C'est tendre, instructif, intelligent, touchant, bouleversant même... et drôle !! Merveilleusement humain. À des années-lumière des Gay Pride et autres Techno Parade, loin des Marais et des bars gays, c'est la vieille garde qui nous parle. Et elle a de bien belles choses à dire ! MAGNIFIQUE.
Un peu à la façon de "strip-tease", sous la forme d'un docu-film, le réalisateur dévoile l'intimité de quelques homosexuels de nos campagnes qui ont fait le choix de vivre leur sexualité "différente", sans vraiment se cacher, à une époque (les années 70) ou il n'était pas de bon ton, justement, de ce montrer. On est très loin de la gay pride, mais n'est-ce-pas là, la meilleure façon pour plaider la cause homosexuelle ? Car ce sont eux, "ces invisibles", qui ont sans doute contribué à fait évoluer les mœurs de notre société. Si au premier abord, le docu paraît un peu futile, il est au contraire très profond et intelligent. Si une majorité de gens de la communauté homosexuelle se déplacera pour voir "les invisibles" devenir, pour le coup, "visibles", est-ce-que ceux, pour qui, les mentalités devraient "peut-être" encore évoluer, je parle des "hétéros", auront l'audace de se déplacer ? J'espère... Film intéressant. À voir...
Pure propagande, comme dans l'entre-deux guerre justement, avant une proposition de loi (toujours chercher où sont les subventions). L’intérêt de ce film est si faible qu'on regrette le temps perdu et se demande quel genre de spectateur peut se faire tirer les larmes.
Formidable documentaire qui nous fait rencontrer des personnages, hommes et femmes, tous sublimes et beaux et attachants, plein d'humour et de dérision, de tous milieux et de toutes conditions mais formidablement émouvants et même bouleversants .... A voir absolument !!!

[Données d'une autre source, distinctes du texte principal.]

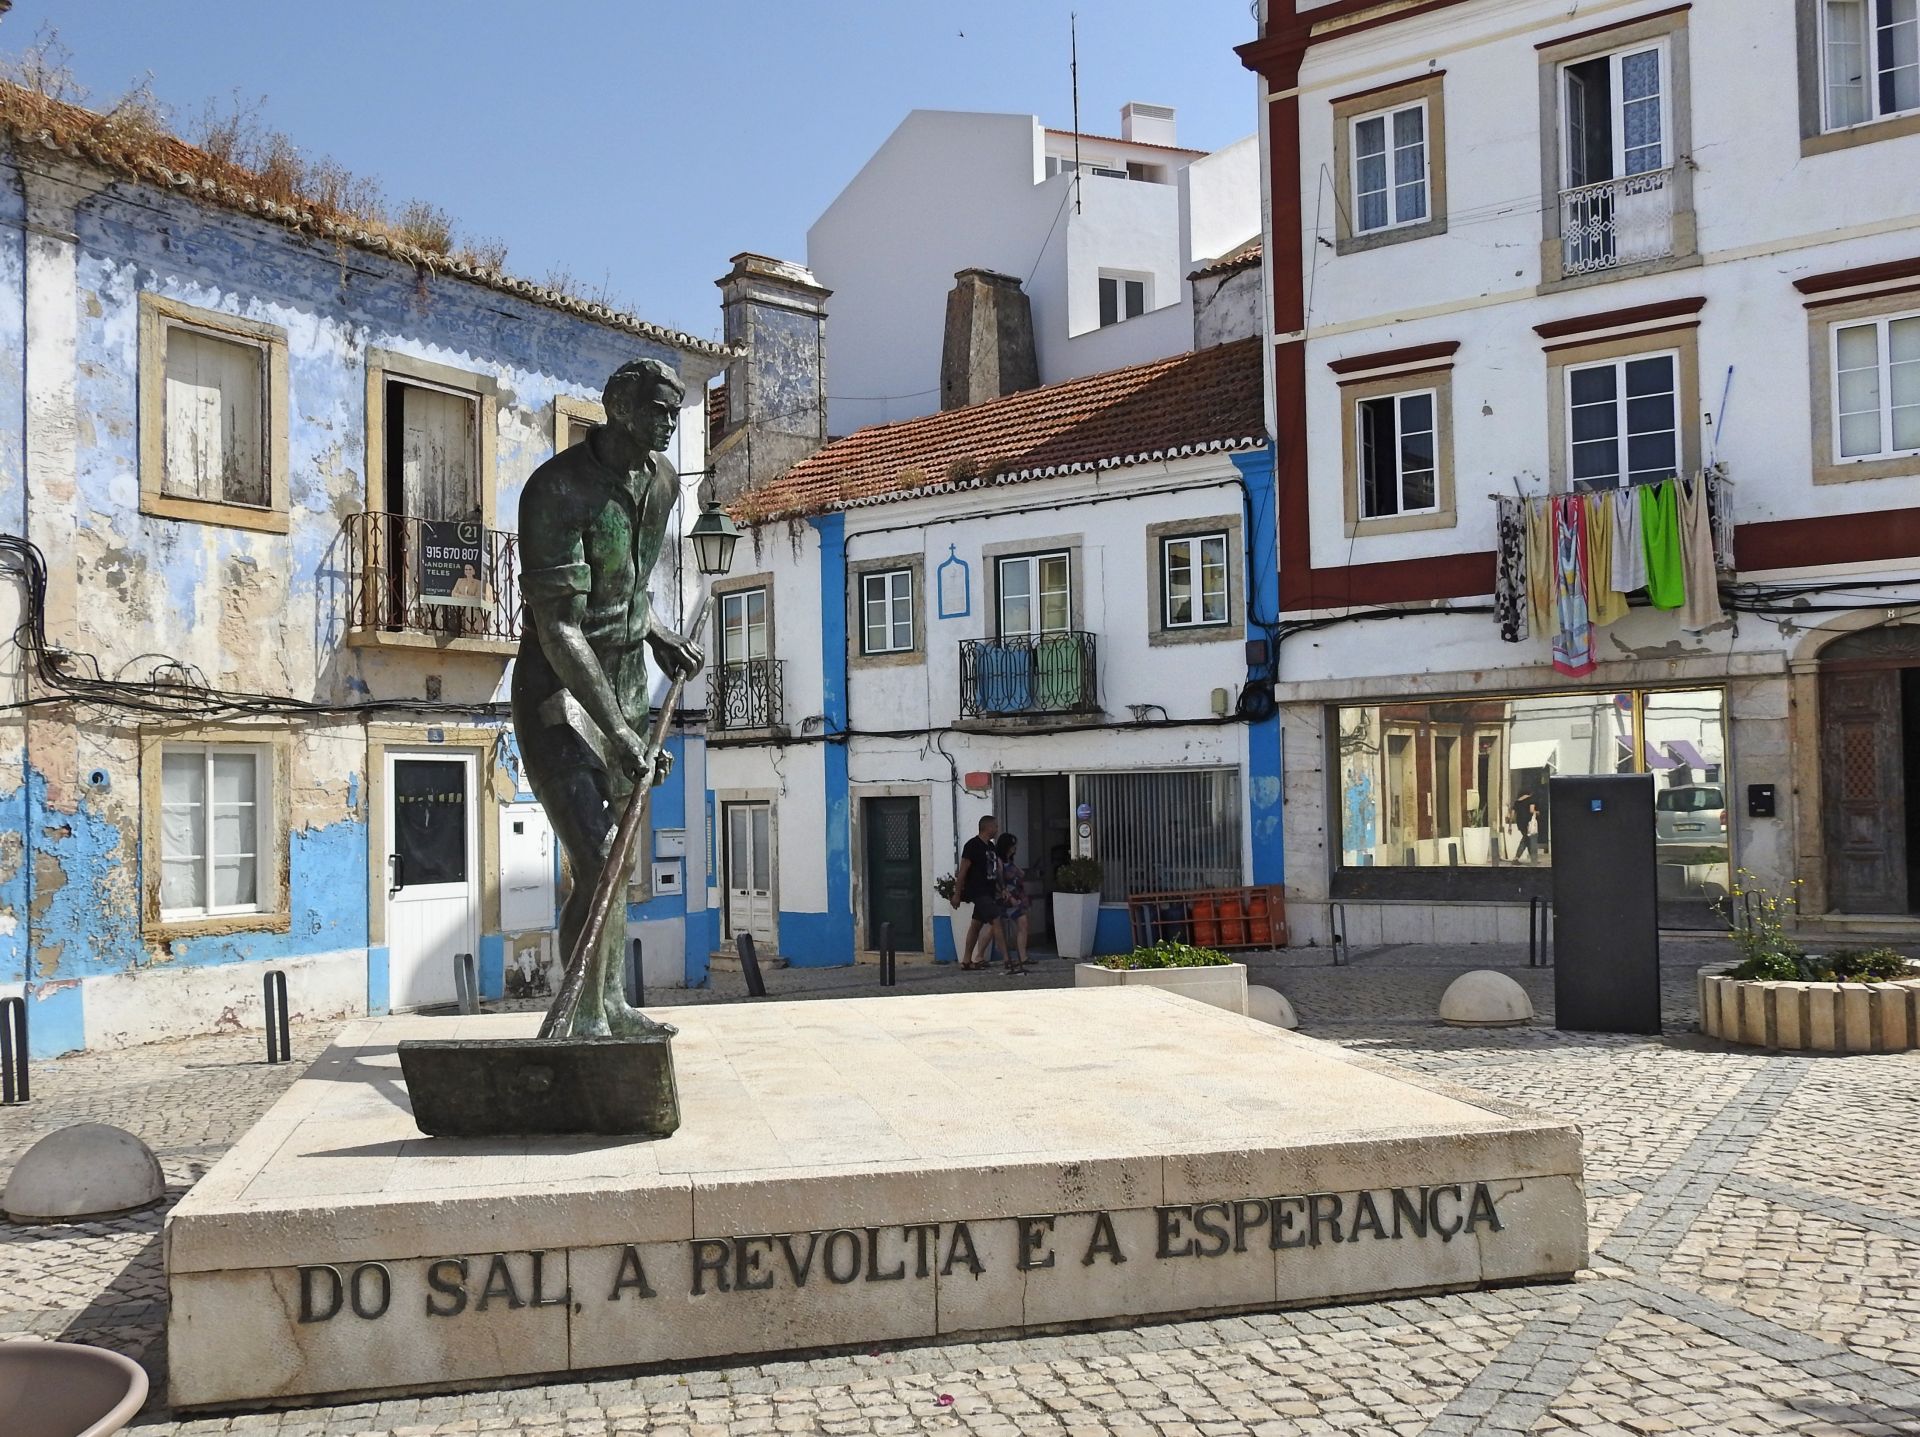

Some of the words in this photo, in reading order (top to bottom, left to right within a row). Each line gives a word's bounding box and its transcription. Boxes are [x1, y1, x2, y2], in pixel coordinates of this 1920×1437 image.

Beauté, poésie, sensibilité... Amour, homosexualité, luttes et désirs ; personnalités invisibles et intimité. Voici quelques mots qui résument ce documentaire bucolique ! À voir et à revoir sans modération.
Après un démarrage un peu lent, le documentaire se met en place au fil des témoignages et de la découverte de l'histoire de ces séniors. Il a le mérite de mettre en avant ce qui était considéré il y a encore relativement peu de temps, comme une maladie mentale. Les femmes sont particulièrement intéressantes et attachantes et il est bien rare que des personnes d'âges murs parlent de sexualité et encore moins d'une sexualité considérée comme "hors norme". Un grand bravo à Sébastien Lifshitz !!!